> Extracted material:
- Opening Delimiter -
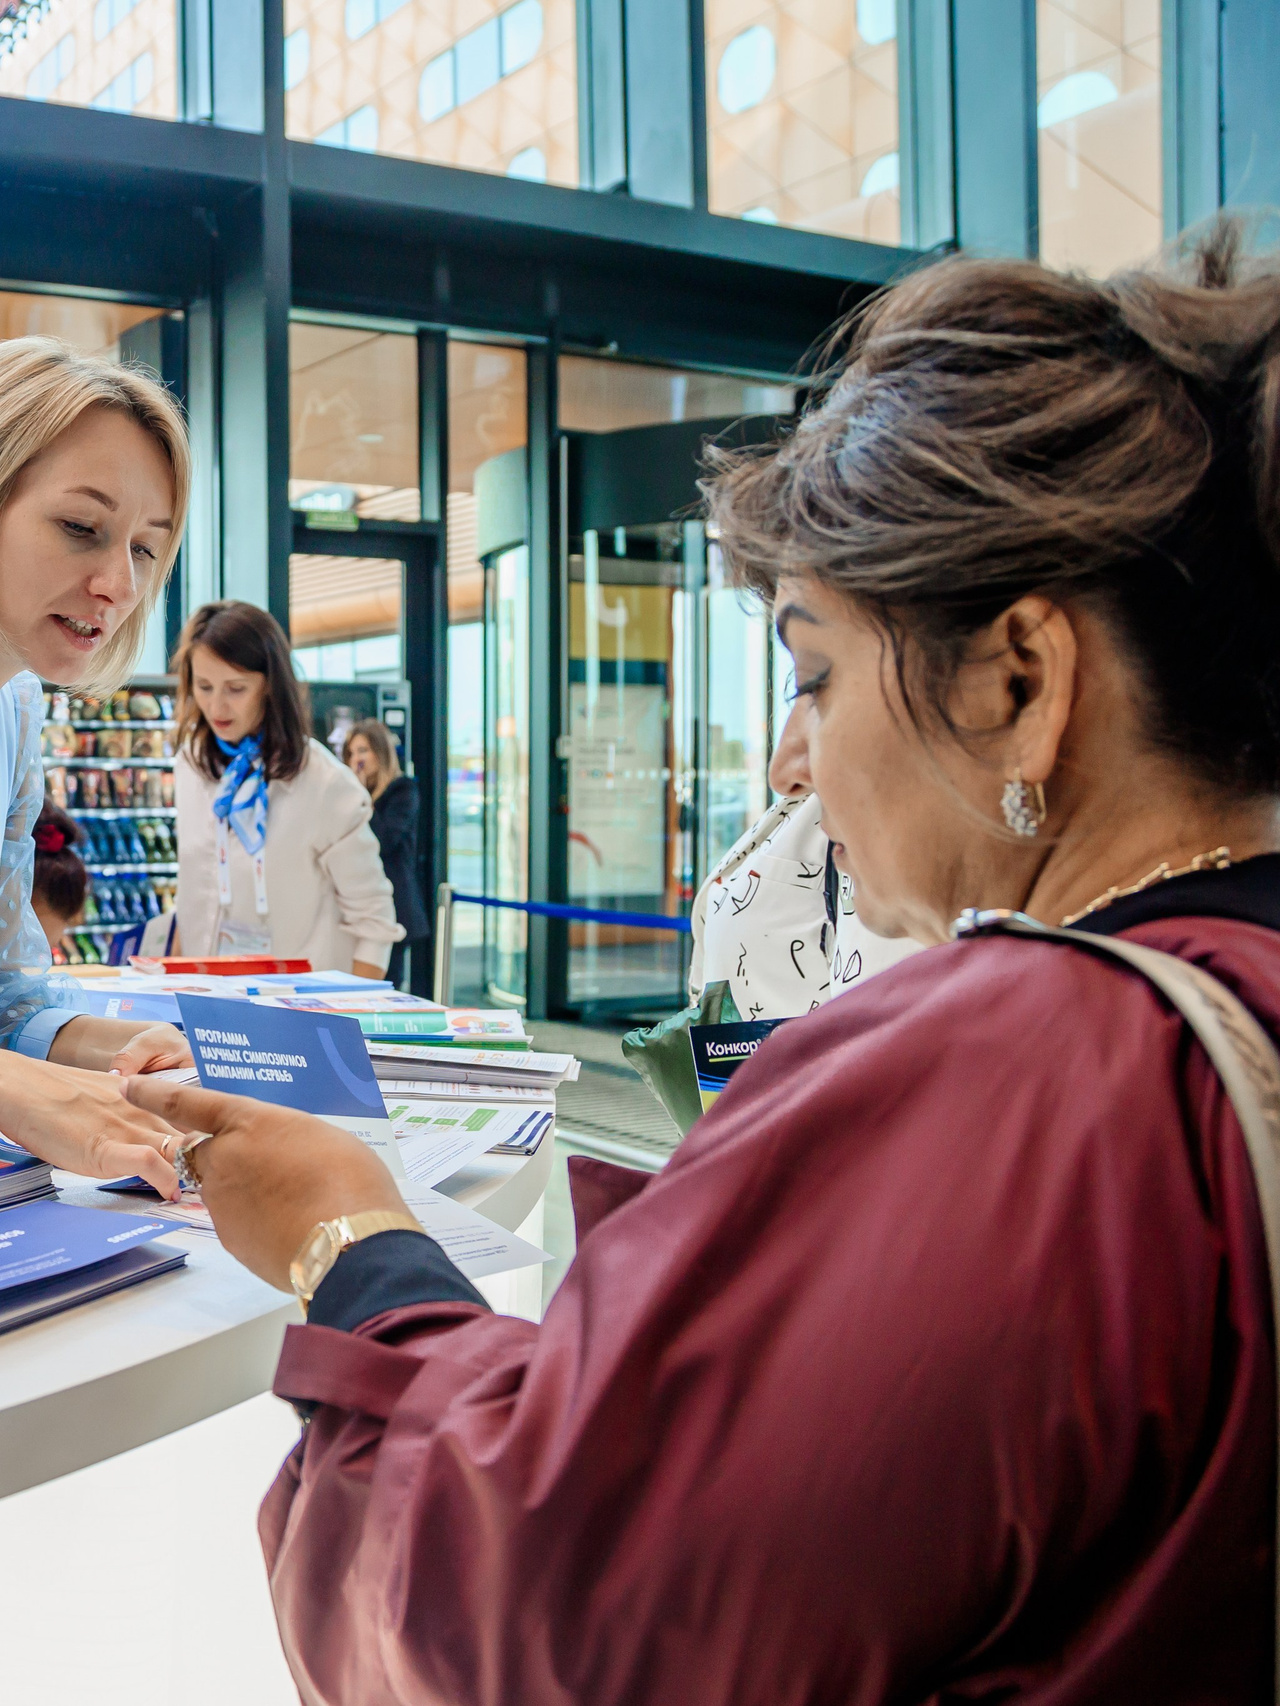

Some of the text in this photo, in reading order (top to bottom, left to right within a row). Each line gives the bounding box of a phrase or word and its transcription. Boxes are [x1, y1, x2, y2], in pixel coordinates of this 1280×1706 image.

[194, 1027, 251, 1047] ПРОГРАММА
[199, 1045, 308, 1068] НАУЧНЫХ СИМПОЗИУМОВ
[204, 1063, 294, 1083] КОМПАНИИ «СЕРВЬЕ»
[106, 1224, 164, 1244] SERVIER
- Closing Delimiter -
Leaving the images out, print the records above exactly.

> Finished exercise:
Some of the text in this photo, in reading order (top to bottom, left to right within a row). Each line gives the bounding box of a phrase or word and its transcription. Boxes are [x1, y1, x2, y2], in pixel coordinates of this 1280×1706 image.

[194, 1027, 251, 1047] ПРОГРАММА
[199, 1045, 308, 1068] НАУЧНЫХ СИМПОЗИУМОВ
[204, 1063, 294, 1083] КОМПАНИИ «СЕРВЬЕ»
[106, 1224, 164, 1244] SERVIER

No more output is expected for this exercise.